Norma stralciata, ma il Movimento tuona

Questa mattina il consiglio ha proceduto, su proposta del presidente della commissione Bilancio Franco Picarone, a stralciare la norma. Non sono mancate le polemiche in aula. Nonostante il Movimento 5 Stelle abbia votato a favore, Valeria Ciarambino è partita nuovamente all'attacco: « Trovo sorprendente che Picarone chieda di ritirare la norma, dopo che ha bocciato con la maggioranza in commissione Bilancio il nostro emendamento con cui puntavamo ad abrogare i vitalizi. Avete perso la faccia e ora mettete la pezza a colori. De Luca ha detto che era una palla, poi però ha chiesto di stralciarla. Non era affatto una palla. I vitalizi esistono eccome perché la Campania non si è adeguata ad un ordine del giorno dell'assemblea dei presidenti dei Consigli regionali che chiedeva di procedere con una decurtazione del 40 per cento a chi percepisce i doppi vitalizi».

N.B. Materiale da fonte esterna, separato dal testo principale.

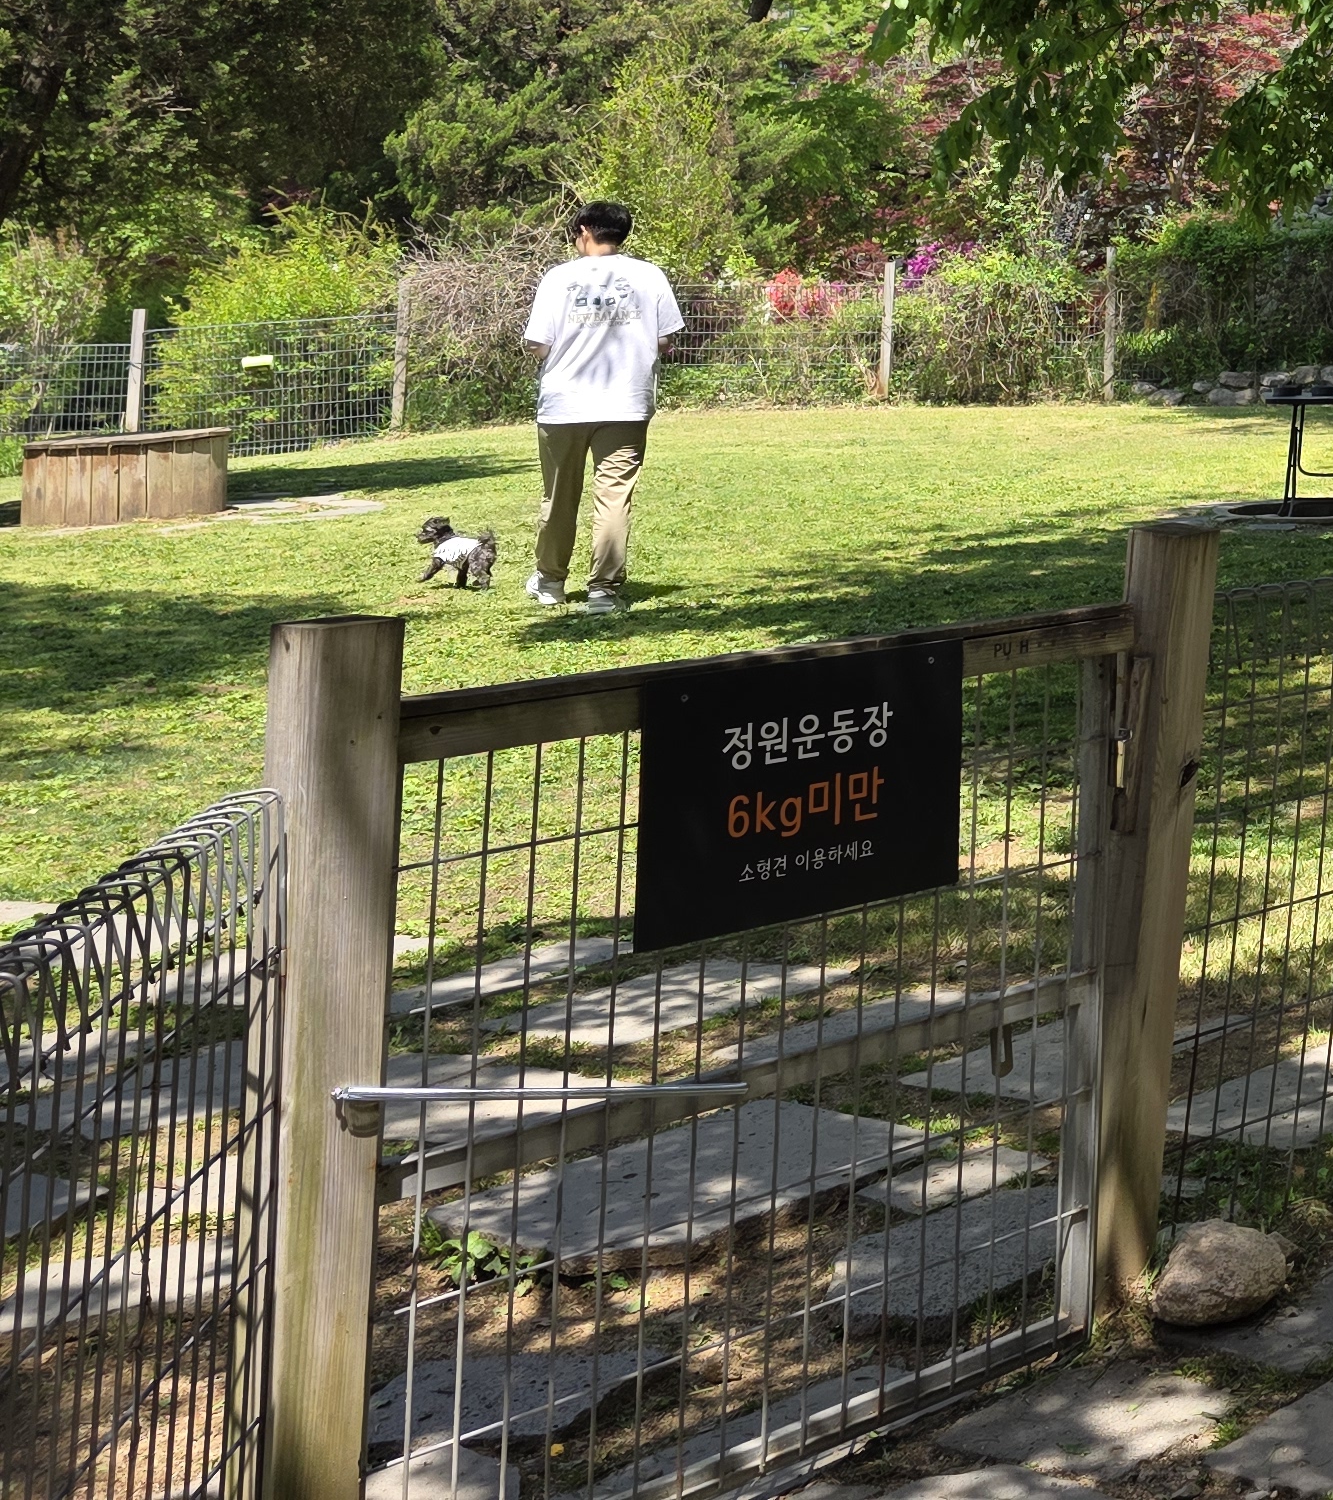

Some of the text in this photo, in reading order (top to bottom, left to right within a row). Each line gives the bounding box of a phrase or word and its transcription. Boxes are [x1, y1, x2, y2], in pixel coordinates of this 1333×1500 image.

[567, 310, 642, 323] NEW BALANCE
[721, 701, 894, 771] 정원운동장
[727, 766, 885, 839] 6kg미만
[738, 839, 875, 883] 소형견 이용하세요
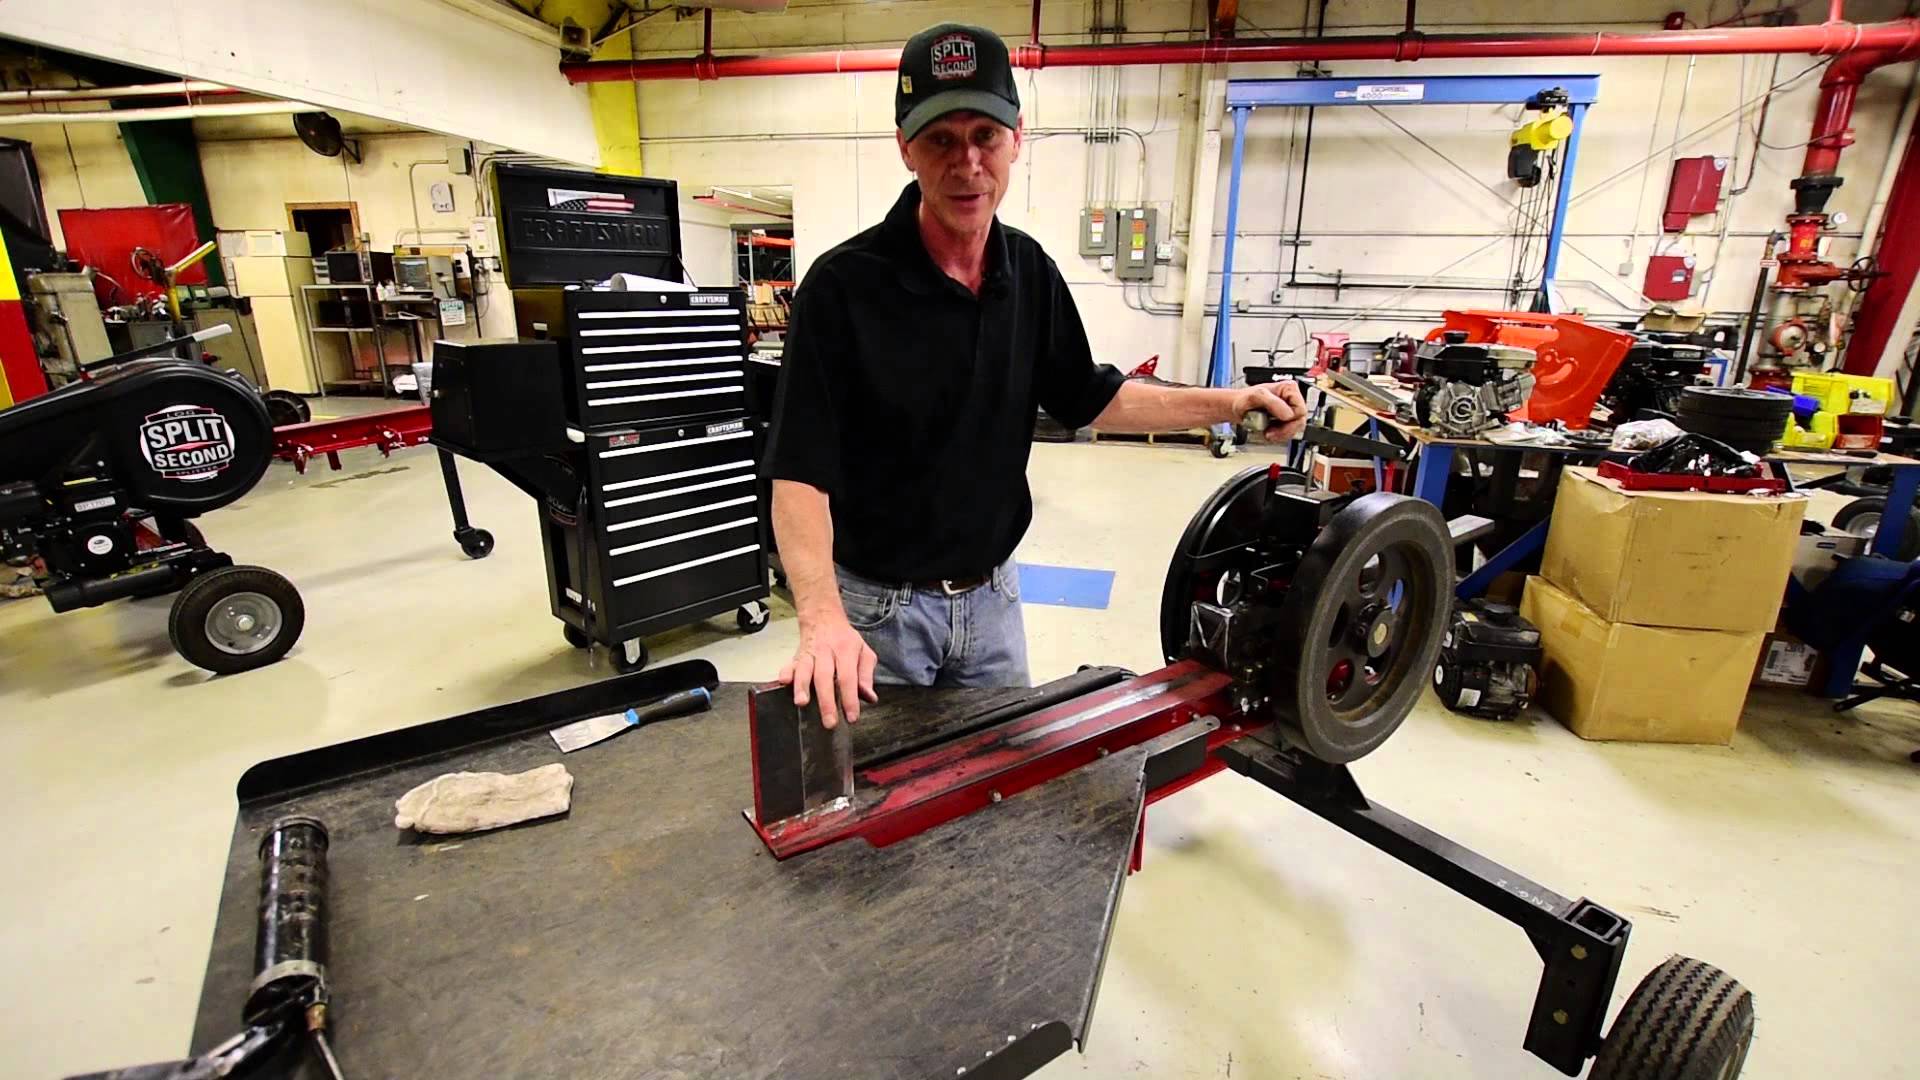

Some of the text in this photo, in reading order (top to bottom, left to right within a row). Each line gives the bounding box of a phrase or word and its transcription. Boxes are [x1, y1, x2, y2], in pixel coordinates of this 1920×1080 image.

Resta da definire il sistema pensionistico

Dopo lo stralcio della norma, resta il problema della definizione del sistema pensionistico. Sul punto è intervenuto in aula Luciano Passariello, consigliere di Fratelli d'Italia: «L'ufficio di presidenza aveva invece l'obbligo di definire il sistema pensionistico, ma non lo ha fatto. E' quindi inadempiente, lo ha detto con chiarezza anche l'Inps. Stamattina ho allora diffidato ufficialmente l'ufficio di presidenza. Non si doveva arrivare ad inserire la norma nella legge di stabilità. Così - conclude Passariello - avete fatto una figura da quattro soldi».